To construct the IBCAO grid, several vintages of public-domain observations were extracted from world and national data centers, and complemented by newly released measurements that were collected by US and British submarines operating beneath the permanent polar pack from 1958 to 1988. These were further enhanced by original observations that were collected in recent years by US Navy submarines during unclassified SCICEX missions from 1993 to 1999, and by Swedish and German icebreakers from 1990 to 1997. The sum of these digital holdings represented a substantial quantity of information, but their geographical distribution was not uniform, therefore in several areas, additional depth values in the form of point soundings or bathymetric contours were derived from charts and maps published by Russian and US agencies. In combining these data in order to create a regularly space grid containing bathymetric values we were forced to use a complex interpolation scheme due to the sparseness and irregularity of the input data points.

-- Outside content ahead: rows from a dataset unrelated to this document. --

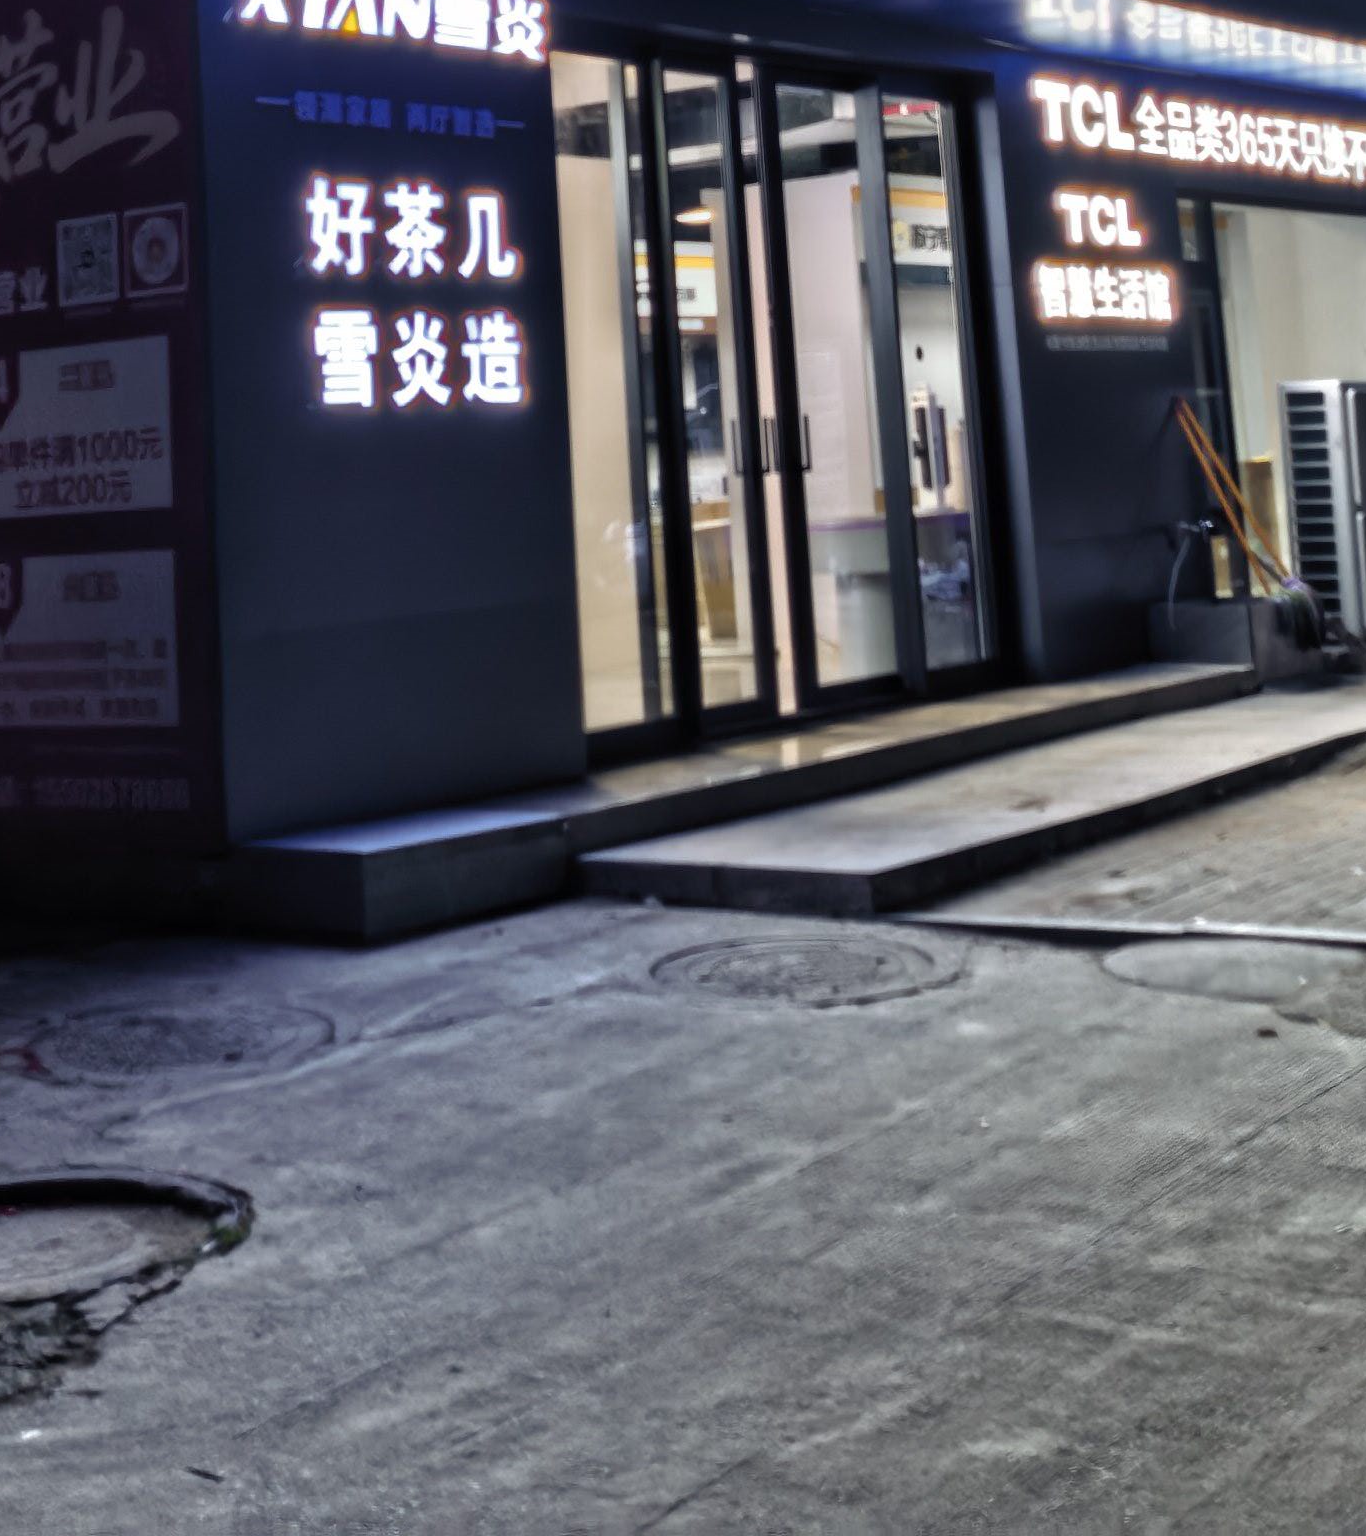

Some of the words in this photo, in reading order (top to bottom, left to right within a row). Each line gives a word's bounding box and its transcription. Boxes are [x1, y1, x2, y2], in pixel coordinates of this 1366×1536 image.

[304, 176, 518, 279] 好茶几
[1057, 191, 1143, 248] TCL
[313, 309, 524, 409] 雪炎造
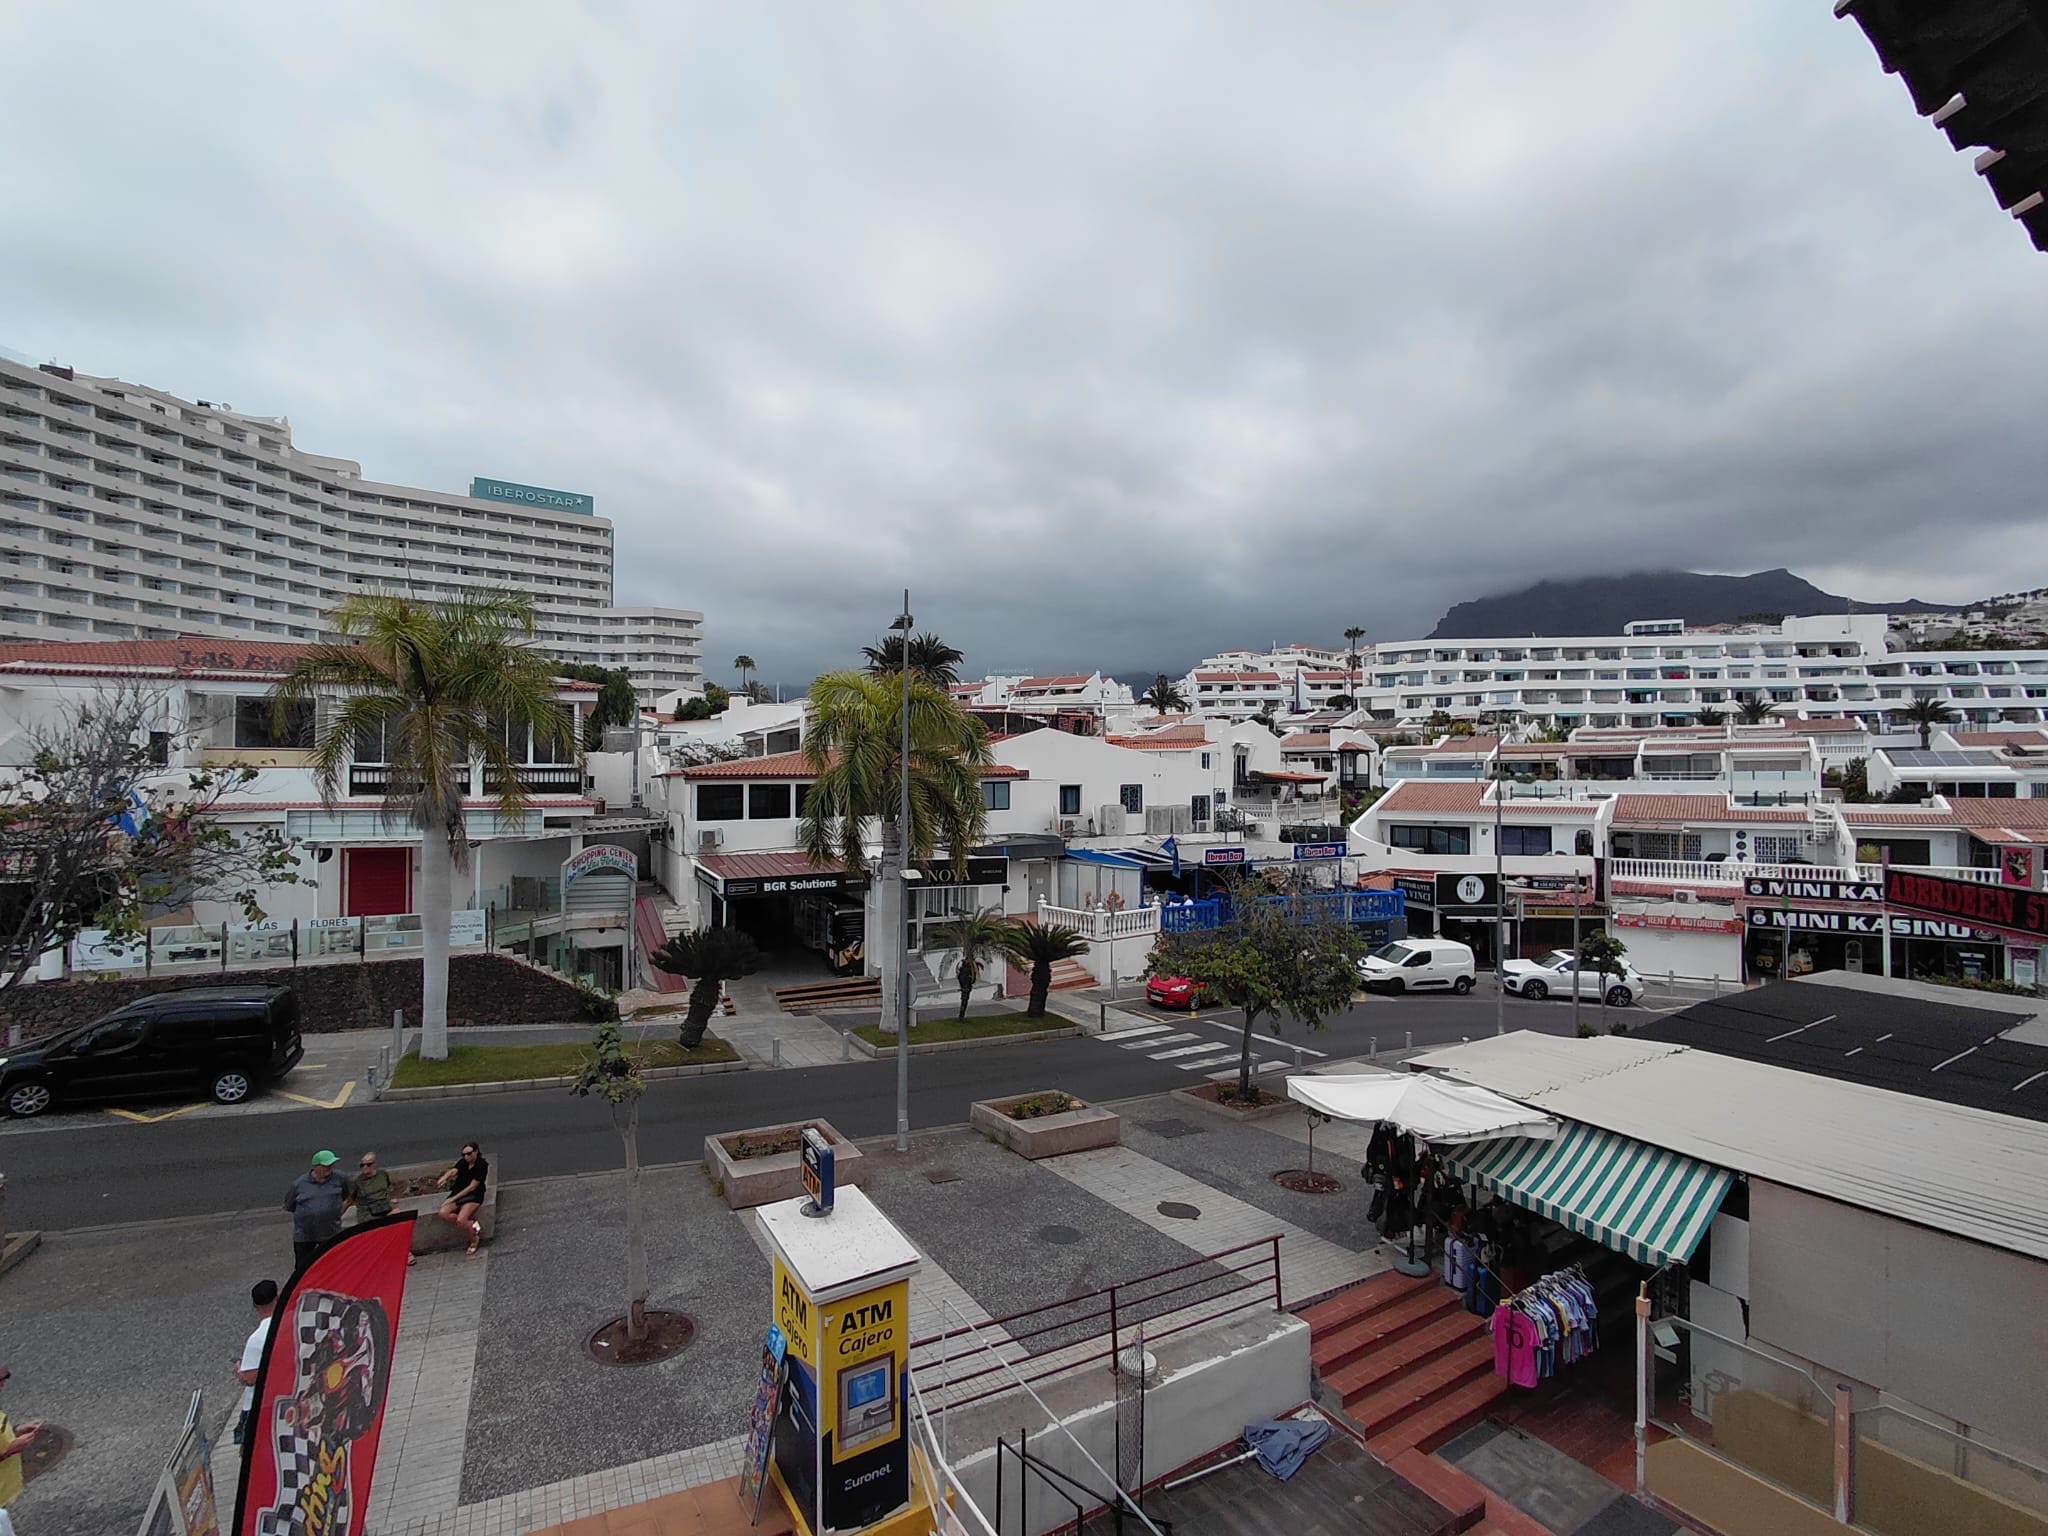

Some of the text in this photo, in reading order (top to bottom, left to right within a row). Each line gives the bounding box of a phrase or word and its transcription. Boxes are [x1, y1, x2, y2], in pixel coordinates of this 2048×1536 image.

[487, 485, 574, 507] IBEROSTAR
[180, 650, 235, 669] LAS
[572, 847, 607, 870] SHOPPING
[609, 847, 633, 863] CENTER
[1229, 851, 1242, 860] Bar
[763, 881, 787, 891] BGR
[790, 879, 838, 890] Solutions
[1768, 881, 1883, 900] MINI KA
[1888, 873, 2016, 924] ABERDEEN
[257, 918, 349, 931] LAS FLORES
[1647, 916, 1667, 925] RENT
[1671, 918, 1677, 926] A
[1680, 919, 1726, 929] MOTORBIKE
[1772, 911, 1840, 930] MINI
[803, 1165, 820, 1196] ATM
[782, 1275, 807, 1330] ATM
[841, 1300, 892, 1335] ATM
[781, 1306, 808, 1359] Cajero
[838, 1328, 893, 1356] Cajero
[844, 1464, 893, 1491] Euronet

Consequently, we are now faced with the difficult task of assessing the confidence that we can assign to the final grid product, a task that is not usually addressed in most bathymetric compilations. This has important implications on use of the gridded bathymetry, especially when it is used for generating further scientific interpretations.

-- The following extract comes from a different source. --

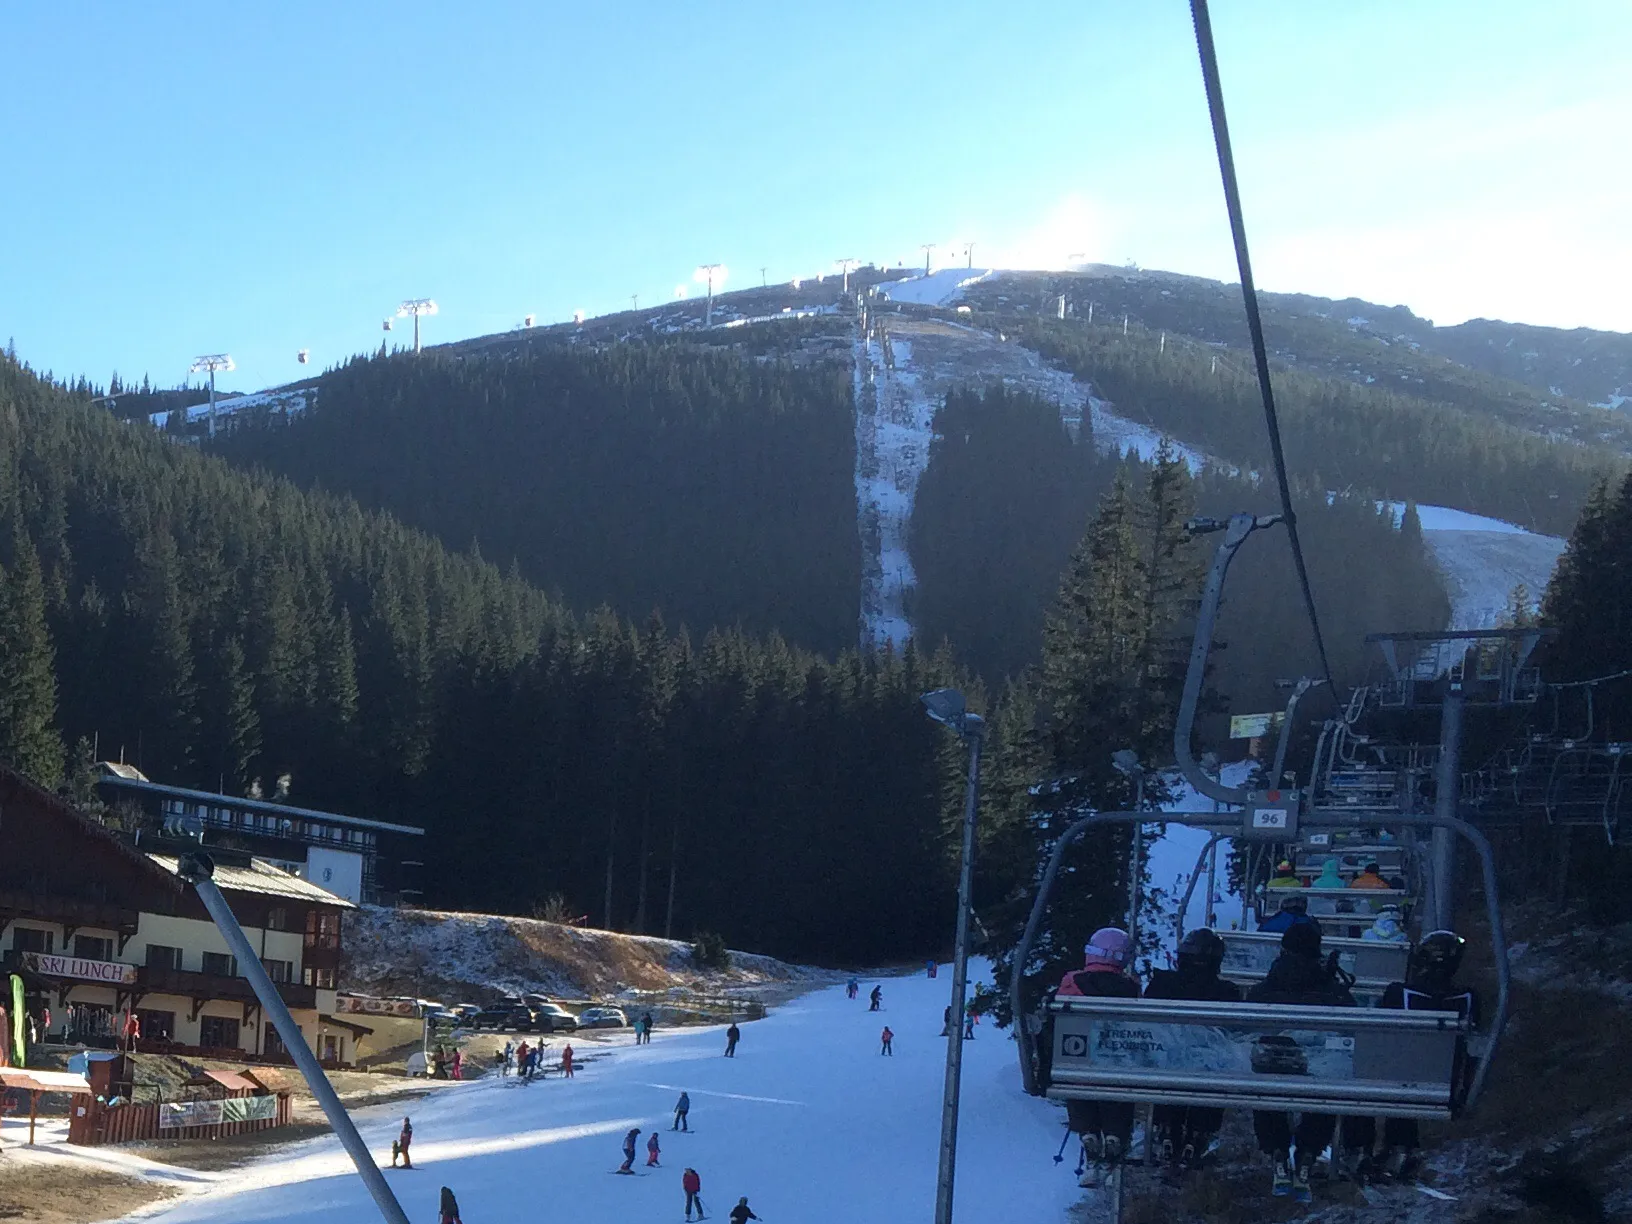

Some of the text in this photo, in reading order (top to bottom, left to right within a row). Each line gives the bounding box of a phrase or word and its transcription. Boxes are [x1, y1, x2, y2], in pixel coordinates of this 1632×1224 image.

[1261, 813, 1279, 824] 96
[41, 956, 123, 980] SKI LUNCH

We approach the problem of assessing the confidence via a direct-simulation Monte Carlo method. We have started with a small subset from the grid model. The test dataset shows examples of all of the data types included in the entire compilation. From this database, we assign a priori error variances based on available meta-data, and when this is not available, based on a worst-case scenario in an essentially heuristic manner. We then generate a number of synthetic datasets by randomly perturbing the base data using normally distributed random variates, scaled according to the predicted error model. These datasets are next re-gridded using the same methodology as the original product, generating a set of plausible grid models of the regional bathymetry that we can use for standard error estimates. Finally, we repeat the entire random estimation process and analyze each run's standard error grids in order to examine sampling bias and variance in the predictions. The final products of the estimation are a collection of standard error grids at different resolutions, a measurement of estimation reliability, and an overall assessment of gridding algorithm stability as a function of grid resolution. Our goal is to use this approach for an error estimation of the entire IBCAO grid and to offer the results to the scientific community for use while interpreting the bathymetry of the Arctic Ocean as portrayed by the IBCAO grid.
Jakobsson, M., Cherkis, N., Woodward, J., Coakley, B., and Macnab, R., 2000, A new grid of Arctic bathymetry: A significant resource for scientists and mapmakers, EOS Transactions, American Geophysical Union, v. 81, no. 9, p. 89, 93, 96.